Mulheres negras marcham por reparação e bem viver no brasil
Às vésperas da segunda Marcha das Mulheres Negras por Reparação e Bem Viver, a cidade de Belém vivenciou tensões reveladoras sobre o Brasil em construção. A COP30, encontro global para definir compromissos climáticos, expôs desafios persistentes: o acesso limitado de territórios às negociações e a influência crescente de lobistas de combustíveis fósseis e interesses privados, que se sobrepõem à ciência e à sobrevivência coletiva.
A xenofobia contra amazônidas, manifesta em declarações preconceituosas, revelou padrões de racismo e sexismo arraigados na história brasileira. Essa atitude demonstra uma visão míope, que ainda considera a floresta e seus povos como obstáculos, em vez de reconhecê-los como a chave para solucionar a crise climática.
Apesar de alguns avanços nas negociações internacionais, as medidas ficaram aquém do necessário para enfrentar o colapso ambiental. A lição de Nego Bispo permanece atual: não basta “ecologizar” a economia sem descolonizar as relações. Sem enfrentar as hierarquias de raça, gênero e território, qualquer transição corre o risco de perpetuar injustiças sob novas formas.
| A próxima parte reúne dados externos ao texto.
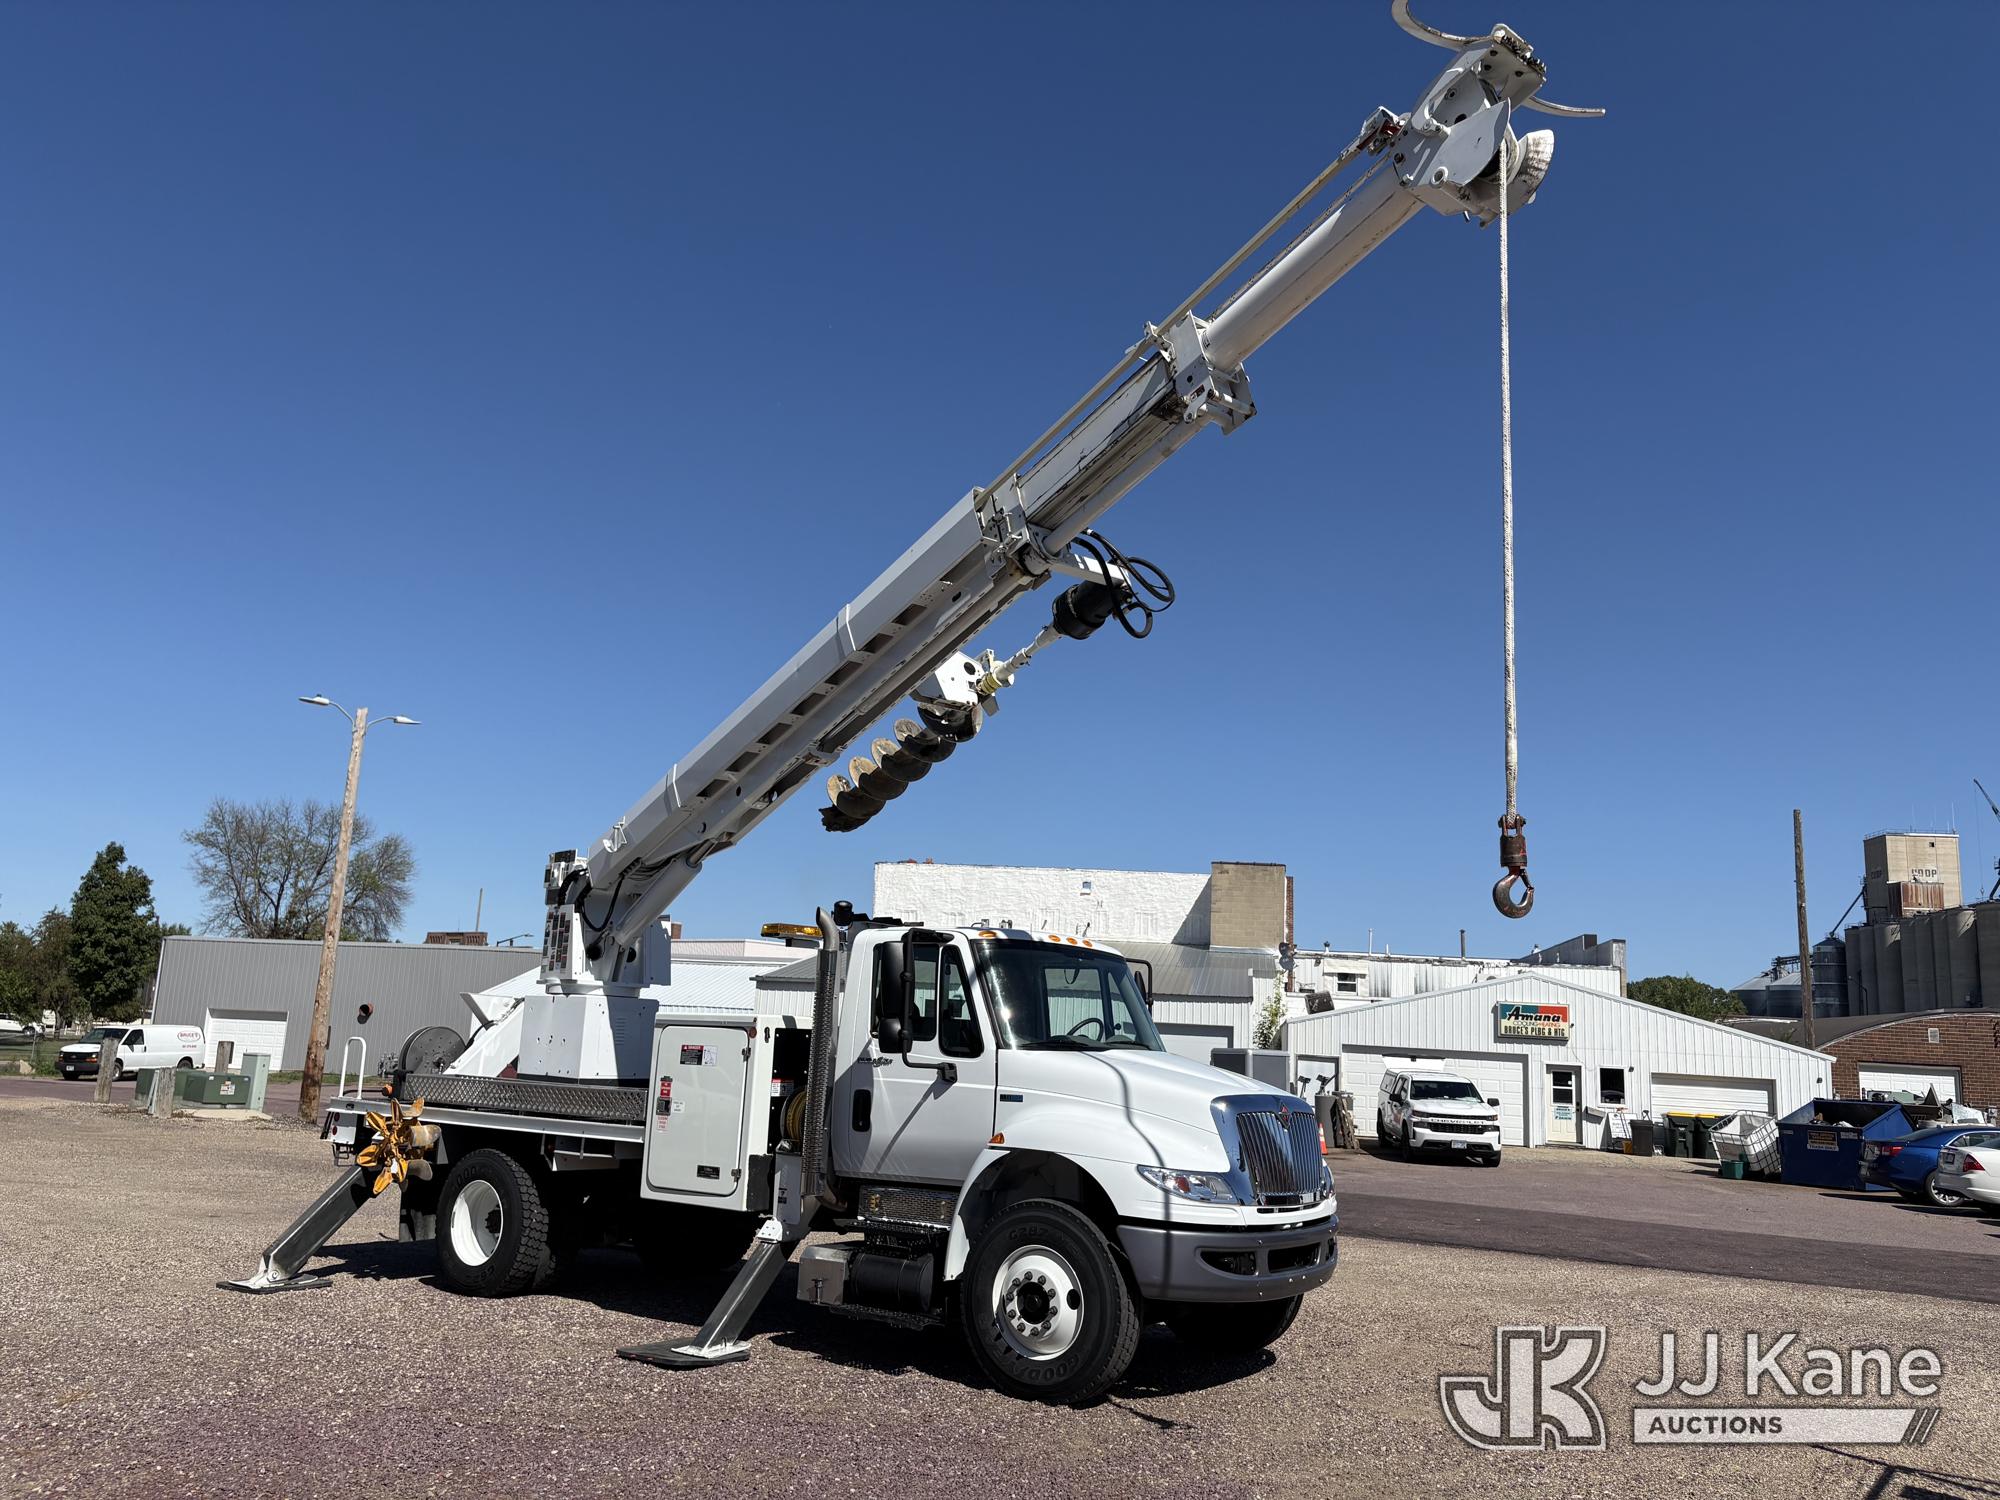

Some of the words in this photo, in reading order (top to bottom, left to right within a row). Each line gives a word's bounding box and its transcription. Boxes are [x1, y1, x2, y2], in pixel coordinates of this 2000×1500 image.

Mulheres negras, quilombolas, ribeirinhas, indígenas e periféricas, que sustentam a vida cotidiana, continuaram, em grande parte, marginalizadas nos espaços onde o futuro estava sendo negociado. Paradoxalmente, foram esses grupos, historicamente excluídos das decisões, que impulsionaram as mudanças mais significativas durante a COP. Protestos diários em frente à Blue Zone forçaram governos a reagir, e denúncias sobre grilagem e invasões aceleraram a demarcação e homologação de terras indígenas, reforçando que a rua permanece o palco onde o impossível se torna urgente.
Os protestos em Belém transmitiram uma mensagem clara: a rua clama porque o poder político ainda não ouve. Essa falta de escuta persiste porque os espaços de poder continuam ocupados, em sua maioria, pelos mesmos corpos, interesses e visões de mundo que historicamente negligenciam mulheres, populações negras, indígenas e periféricas. A escuta real só acontecerá com representatividade efetiva nos espaços de decisão.
O Legislativo assume um papel central e, ao mesmo tempo, contraditório. Embora ainda marcado por desigualdades, tem se tornado a principal porta de entrada para grupos historicamente excluídos, especialmente mulheres negras, indígenas e periféricas que ocupam mandatos e desafiam a política tradicional. Frequentemente negligenciado nas discussões da COP, é no Parlamento que o Bem Viver pode transcender um horizonte simbólico e se tornar lei, programa, orçamento e proteção concreta. É ali que se definem prioridades de alocação de recursos e se abrem espaços institucionais de diálogo, como as audiências públicas.
No entanto, persiste uma distorção inaceitável: mulheres negras, que representam cerca de 28% da população brasileira, ocupam menos de 6% das cadeiras na Câmara dos Deputados. Como esperar políticas capazes de proteger a Vida sem garantir a presença de quem a sustenta nos centros de decisão?
A Marcha das Mulheres Negras oferece uma resposta: aquilombar-se, construindo redes de apoio, proteção e elaboração política, que mantiveram vivos territórios historicamente abandonados pelo Estado. O Brasil tem muito a aprender com essa pedagogia coletiva, mapeando experiências de resistência comunitária, fortalecendo programas de proteção a defensores de direitos humanos e produzindo dados consistentes para políticas públicas mais assertivas.
Ao se prepararem para marchar em Brasília, as mulheres negras deixam um recado claro: o Brasil não será próspero enquanto aceitar a morte como política pública. A Marcha e a COP revelaram diferentes faces de uma encruzilhada histórica. Ou continuamos produzindo desigualdade e destruição em nome de um progresso para poucos, ou escolhemos um caminho de cuidado, coletividade e Bem Viver. O avanço das demarcações após a pressão social durante a COP comprovou que a mobilização transforma a realidade. O crescimento de mandatos de mulheres comprometidas com o clima e com o cuidado também mostra que é possível mudar os rumos do futuro dentro da política institucional. Enquanto houver mulheres marchando, cuidando e legislando pelo que é essencial, a Vida seguirá encontrando caminhos, e o Bem Viver só deixará de ser promessa quando for assumido como projeto político, com mulheres negras no centro da decisão.